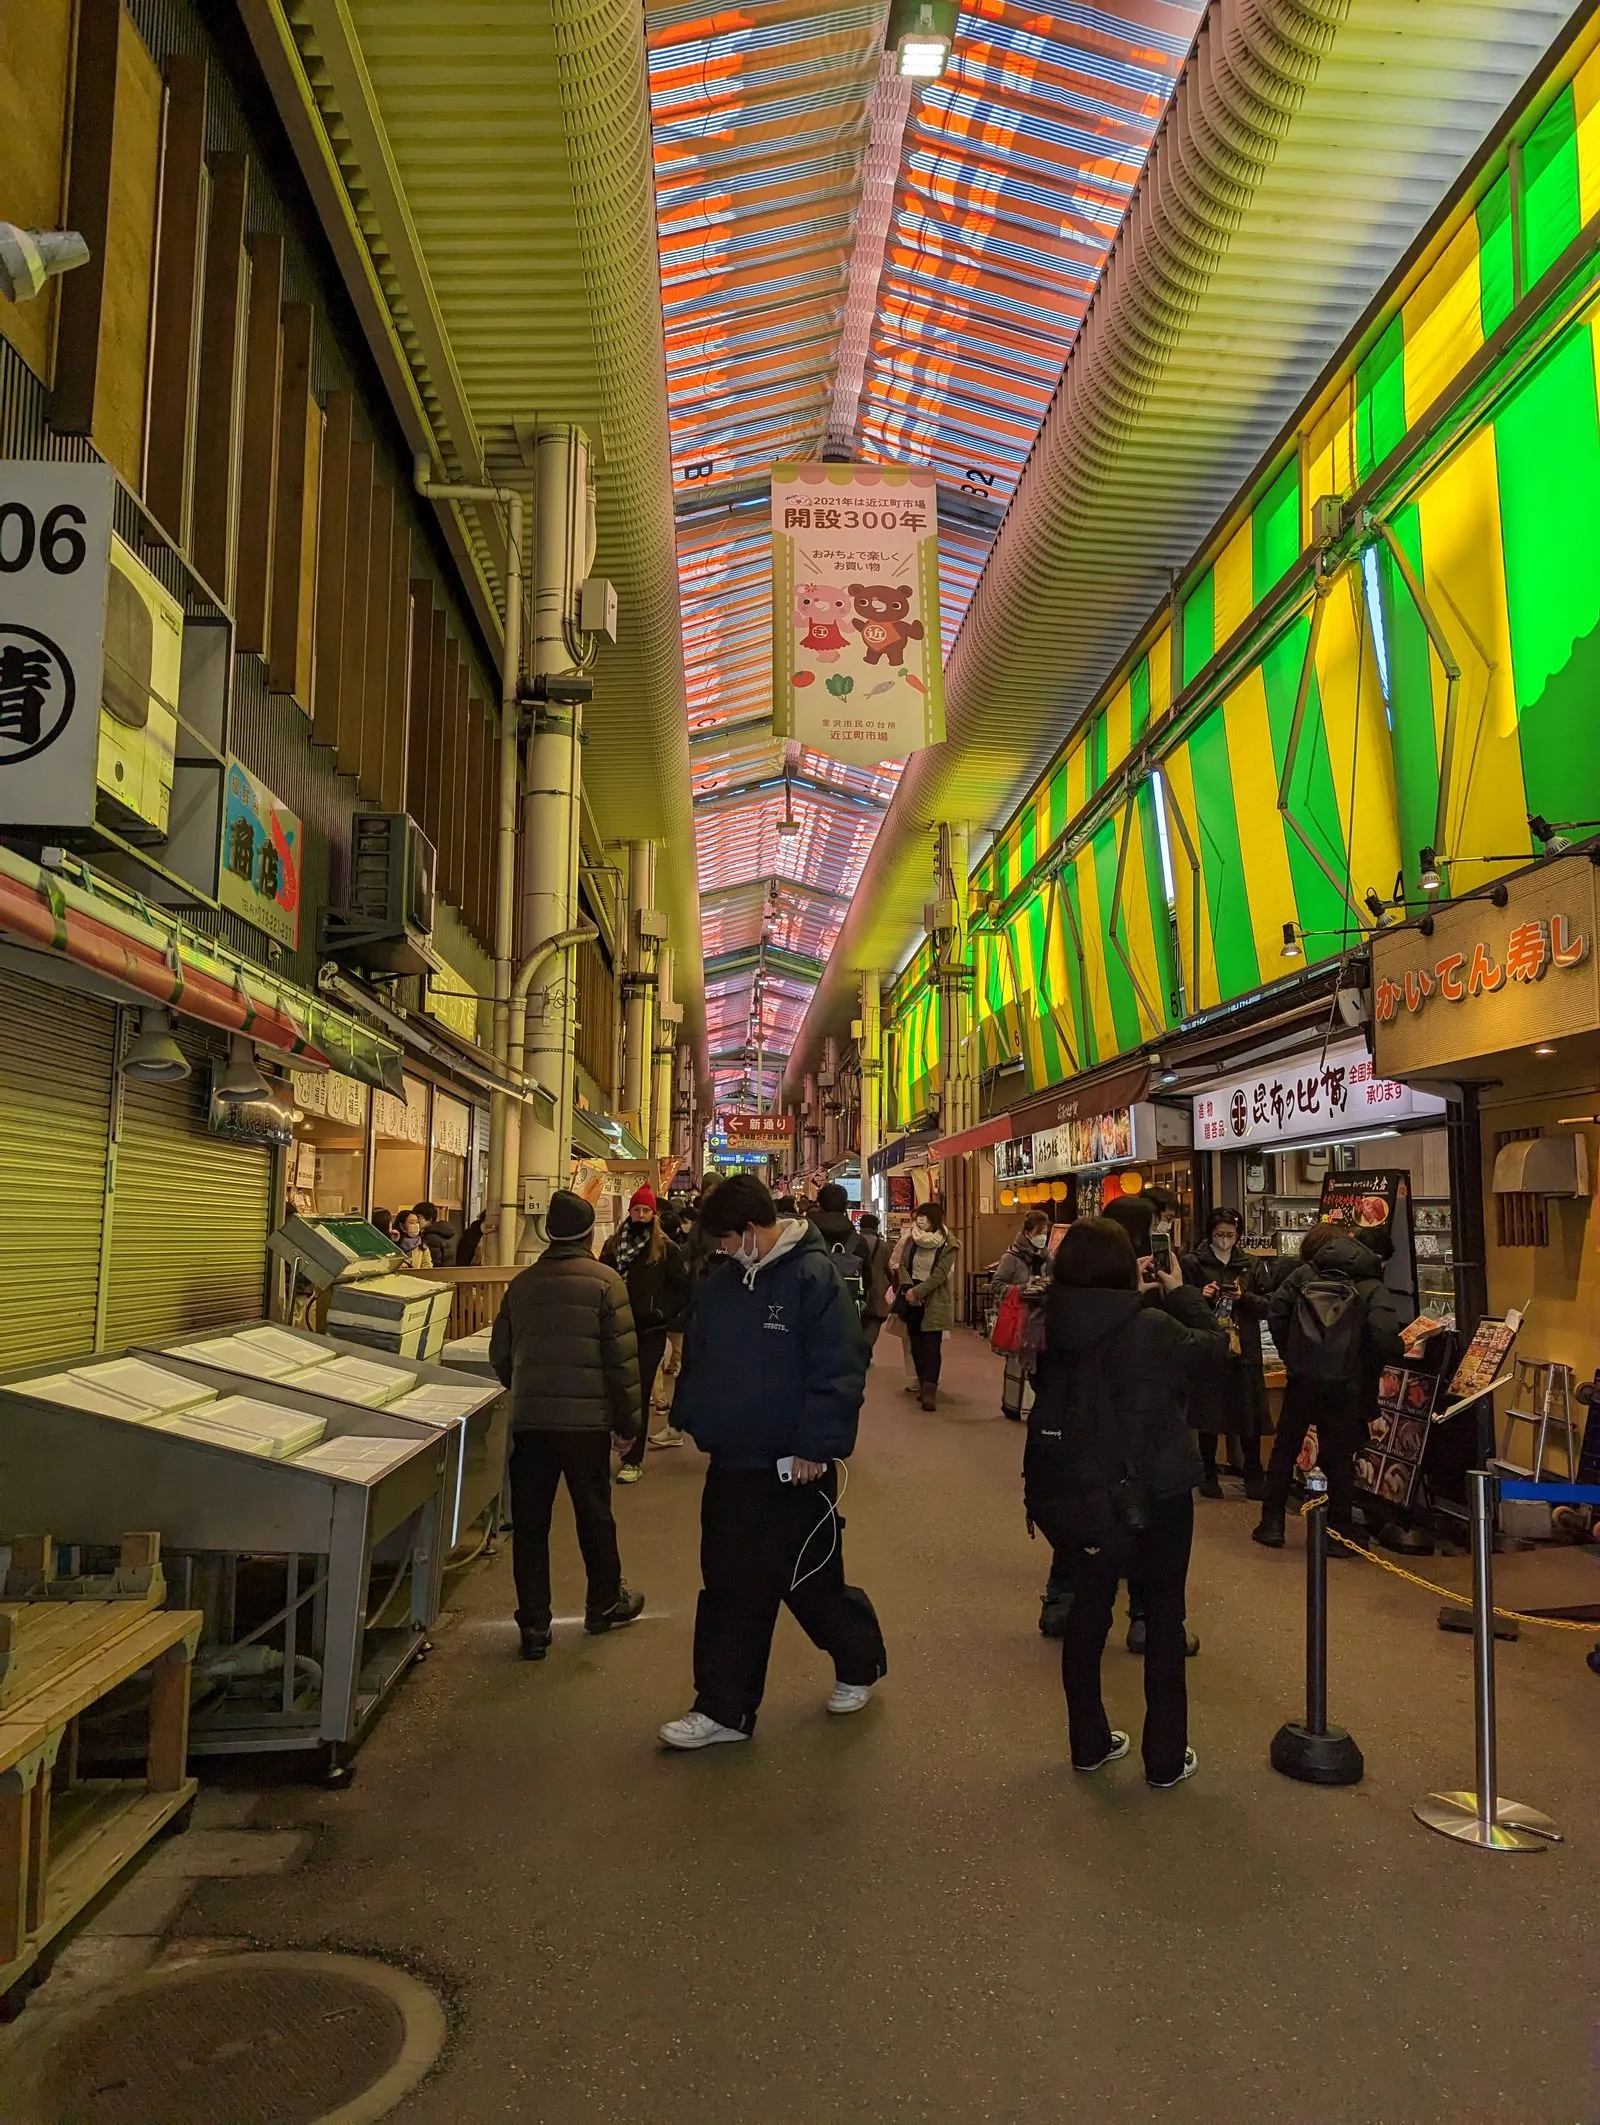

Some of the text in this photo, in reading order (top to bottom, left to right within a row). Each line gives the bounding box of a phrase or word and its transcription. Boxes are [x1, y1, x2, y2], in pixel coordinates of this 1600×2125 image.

[813, 496, 926, 509] 2021年は近江町市場
[784, 508, 927, 533] 開設300年
[0, 502, 87, 575] 06
[812, 549, 900, 562] おみちょで楽しく
[834, 561, 881, 572] お買い物
[866, 626, 885, 641] 近
[821, 718, 897, 729] 金沢市民の台所
[830, 730, 888, 742] 近江町市場
[1375, 913, 1588, 1023] かいてん寿し
[1170, 991, 1179, 1018] 5
[1013, 1029, 1020, 1047] 6
[1366, 1080, 1402, 1104] 承ります
[749, 1118, 786, 1131] 新通り
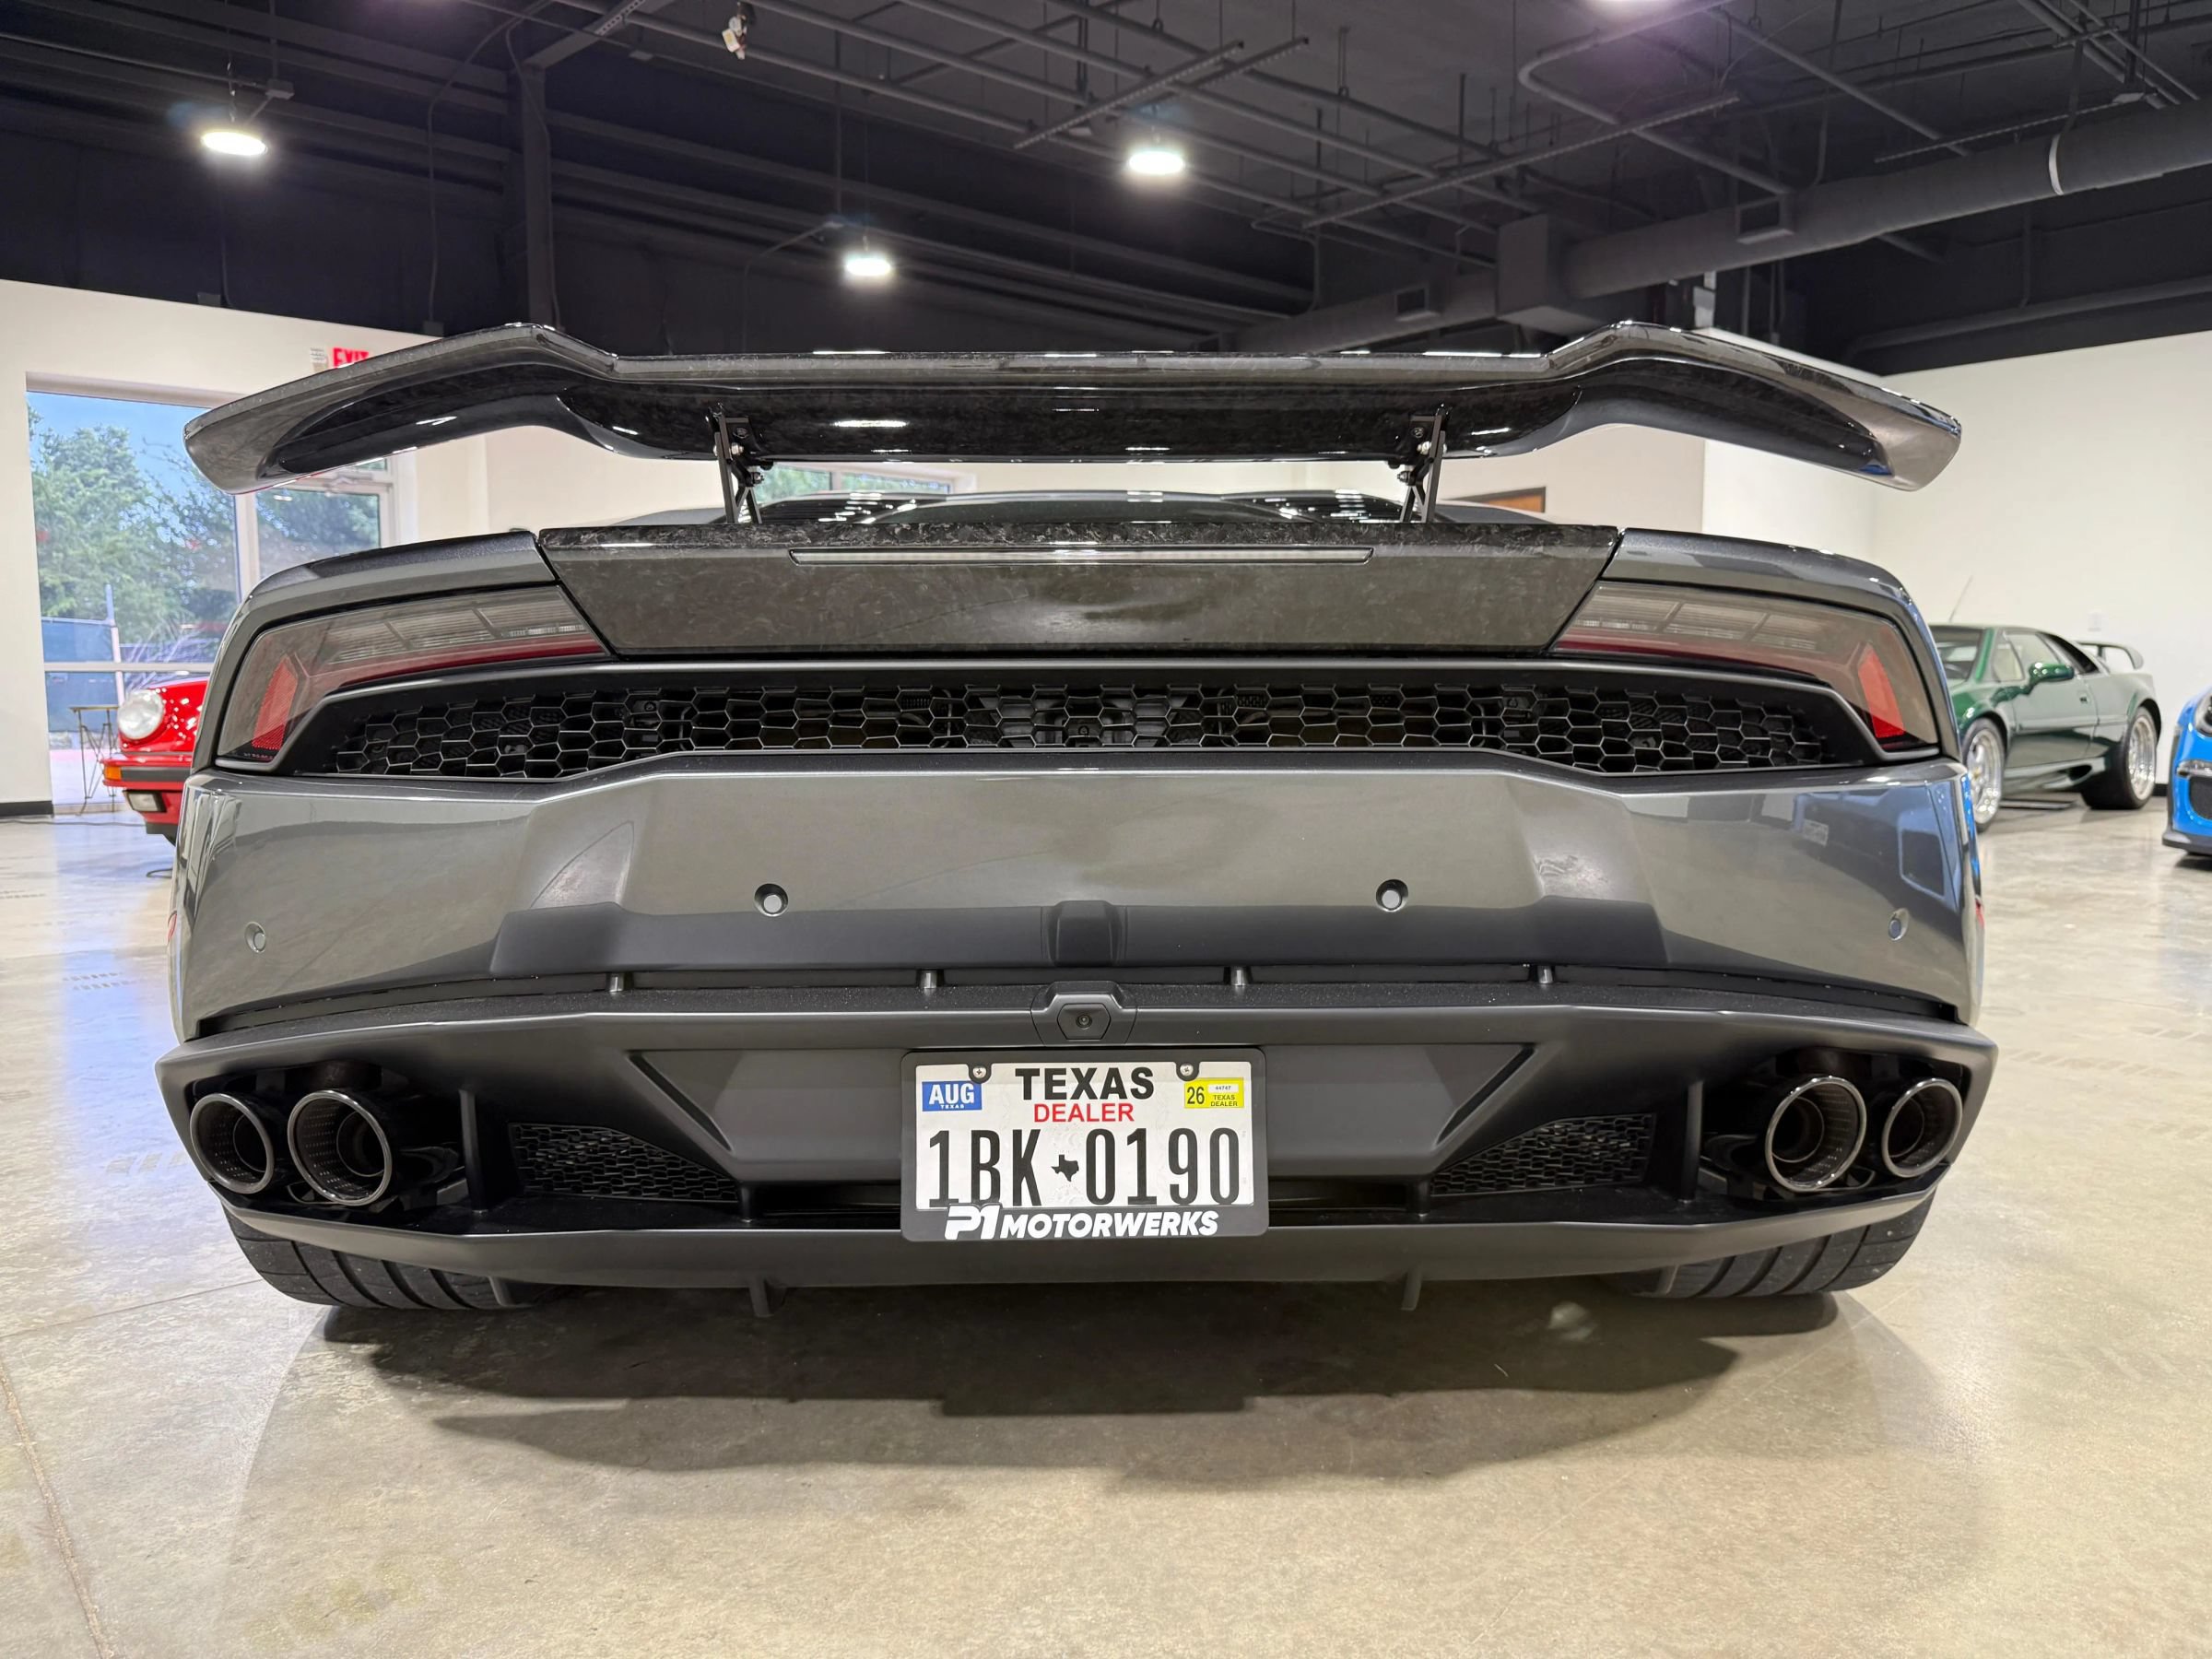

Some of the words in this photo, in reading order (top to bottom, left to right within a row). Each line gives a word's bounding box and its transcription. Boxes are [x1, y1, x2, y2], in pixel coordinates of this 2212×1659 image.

[929, 1083, 975, 1104] AUG
[1015, 1066, 1155, 1100] TEXAS
[1187, 1086, 1205, 1104] 26
[1033, 1102, 1135, 1123] DEALER
[929, 1129, 1042, 1207] 1BK
[1086, 1127, 1240, 1206] 0190
[944, 1205, 1001, 1241] P1
[1000, 1210, 1219, 1239] MOTORWERKS
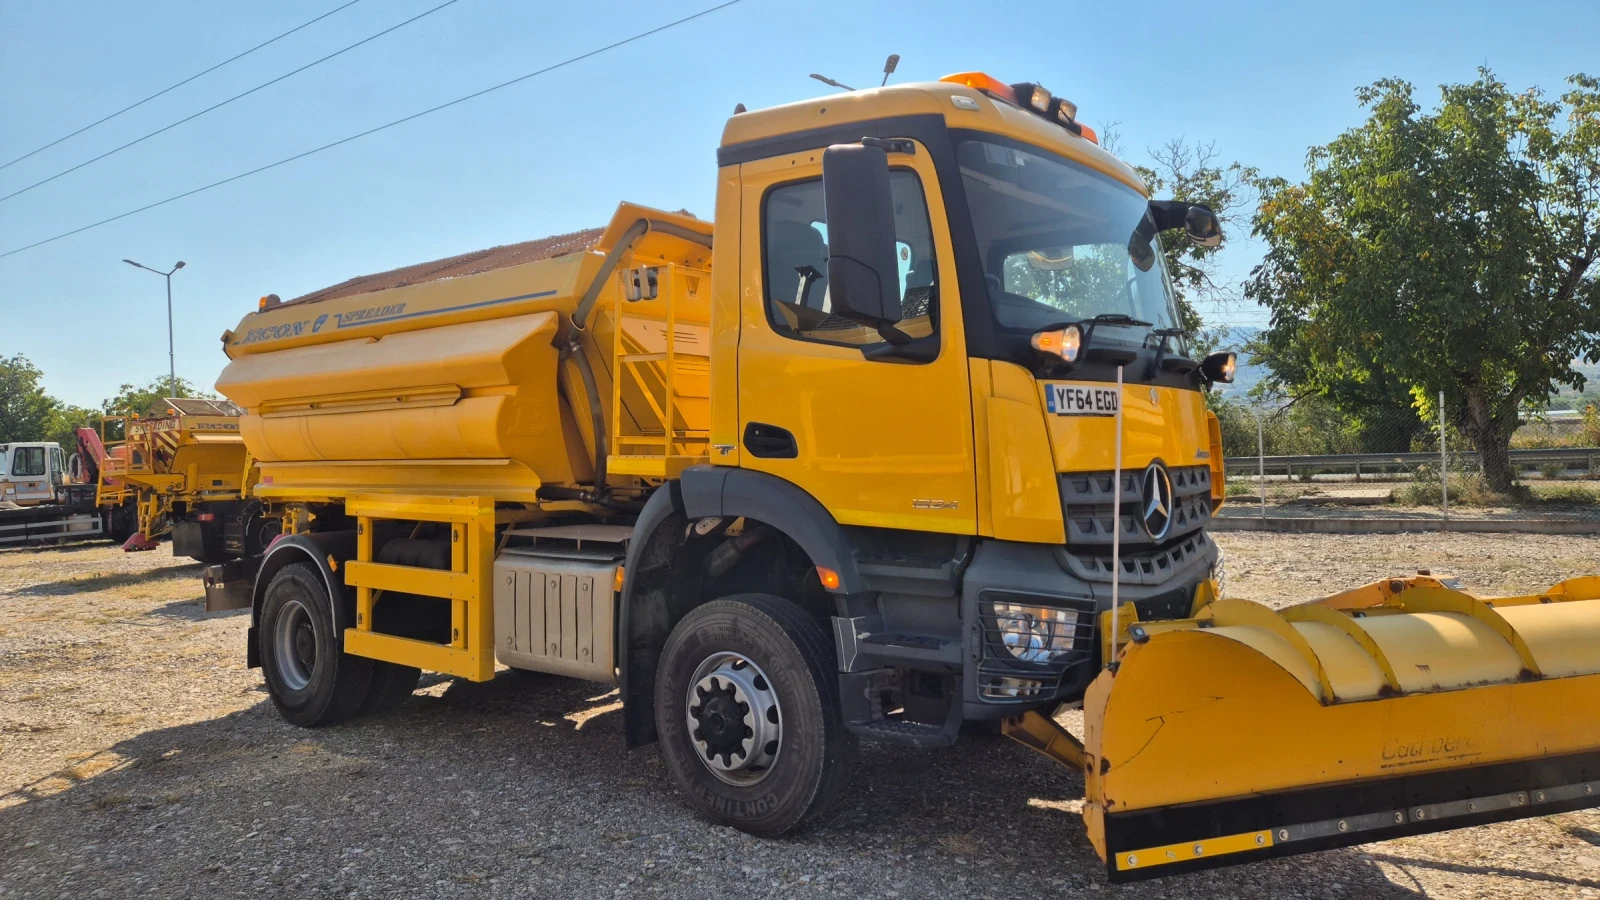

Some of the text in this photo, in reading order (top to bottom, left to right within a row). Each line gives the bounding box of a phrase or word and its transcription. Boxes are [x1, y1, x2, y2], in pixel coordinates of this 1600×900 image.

[342, 303, 407, 323] SPREADER
[242, 320, 310, 344] ECON
[1056, 388, 1118, 411] YF64 EGD
[197, 422, 240, 430] ECO
---------------
All of the material is to be reproduced verbatim, pictures excluded.

Some of the text in this photo, in reading order (top to bottom, left to right within a row). Each line gives the bounding box of a phrase or word and its transcription. Boxes are [x1, y1, x2, y2], in pixel coordinates of this 1600×2125 image.

[813, 496, 926, 509] 2021年は近江町市場
[784, 508, 927, 533] 開設300年
[0, 502, 87, 575] 06
[812, 549, 900, 562] おみちょで楽しく
[834, 561, 881, 572] お買い物
[866, 626, 885, 641] 近
[821, 718, 897, 729] 金沢市民の台所
[830, 730, 888, 742] 近江町市場
[1375, 913, 1588, 1023] かいてん寿し
[1170, 991, 1179, 1018] 5
[1013, 1029, 1020, 1047] 6
[1366, 1080, 1402, 1104] 承ります
[749, 1118, 786, 1131] 新通り

Some of the words in this photo, in reading order (top to bottom, left to right within a row). Each line gives a word's bounding box and its transcription. Boxes are [x1, y1, x2, y2], in pixel coordinates of this 2212×1659 image.

[929, 1083, 975, 1104] AUG
[1015, 1066, 1155, 1100] TEXAS
[1187, 1086, 1205, 1104] 26
[1033, 1102, 1135, 1123] DEALER
[929, 1129, 1042, 1207] 1BK
[1086, 1127, 1240, 1206] 0190
[944, 1205, 1001, 1241] P1
[1000, 1210, 1219, 1239] MOTORWERKS

Some of the text in this photo, in reading order (top to bottom, left to right within a row). Each line gives the bounding box of a phrase or word and its transcription. Boxes are [x1, y1, x2, y2], in pixel coordinates of this 1600×900 image.

[342, 303, 407, 323] SPREADER
[242, 320, 310, 344] ECON
[1056, 388, 1118, 411] YF64 EGD
[197, 422, 240, 430] ECO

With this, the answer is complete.